Pacers-Knicks: After another shocking late comeback, it must be asked — how do the Pacers keep doing this?
NEW YORK — If there’s one thing we’ve learned about the Indiana Pacers in these 2025 NBA playoffs, it’s this: They’ve always got time.
Down seven with 40 seconds to go in overtime of an elimination game against the Bucks in Round 1? No problem. Down seven with 47 seconds to go in Game 2 in Cleveland? No problem.
And now: Down 14 at Madison Square Garden with 2:51 to go in the fourth quarter of Game 1 of the Eastern Conference finals?
No problem.
Another night, another unprecedented comeback — or unprecedented collapse, depending on how full your glass is — for Indiana, which once again engineered a hostile takeover of a road arena, slipping past the New York Knicks in overtime Wednesday, 138-135.
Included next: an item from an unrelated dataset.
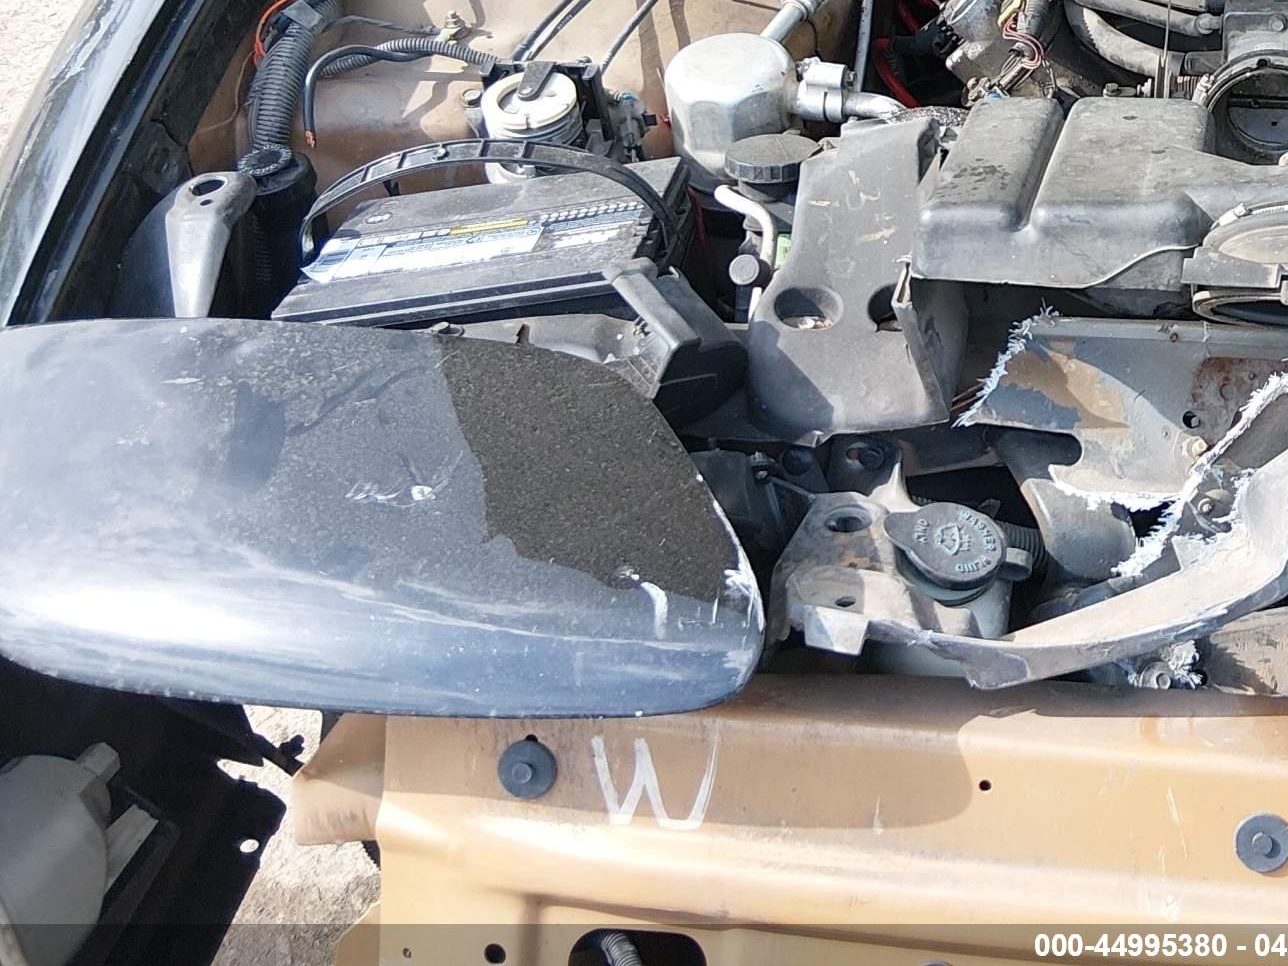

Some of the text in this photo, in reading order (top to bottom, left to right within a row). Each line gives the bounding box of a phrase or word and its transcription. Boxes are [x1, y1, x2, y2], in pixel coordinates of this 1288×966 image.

“Unprecedented for other teams,” former Knicks forward Obi Toppin corrected, with a smile, after chipping in eight points with 10 rebounds, including two huge dunks in the final minute of overtime with the game in the balance. “But for us, we just keep it going. We’re always going to play until that last whistle, until that last buzzer.”
Last spring, the Pacers ended New York’s season, winning a Game 7 on the MSG court behind a historic offensive display. Now, they’ve snatched home-court advantage away from a Knicks team that had to be feeling like they were on top of the world with three minutes to go … and that, like Milwaukee and Cleveland before them, exits the World’s Most Famous Arena wondering what the hell had just happened.
“You just can never let your guard down against them,” Knicks coach Tom Thibodeau said after his team squandered a 17-point fourth-quarter lead to fall behind in a series for the first time this postseason. “No lead is safe.”
They’re not safe because Indiana has multiple players who can get hot in a hurry. Playing the role of the Human Torch on Wednesday: Aaron Nesmith, who entered the fourth quarter with 10 points on 3-for-5 shooting, and ended it with 30 points on 9-for-12 shooting, drilling six triples in the final five minutes of the fourth alone, including three in the last minute, to send peals of anxiety coursing through the concourse at MSG.
“I was just doing what the team needed of me, you know?” Nesmith said after the game. “I was just letting them fly. I was in a good rhythm. Didn’t really realize what I was doing in the moment.”
What he was doing in the moment was becoming the first player in NBA history to hit six 3-pointers in the fourth quarter of a playoff game.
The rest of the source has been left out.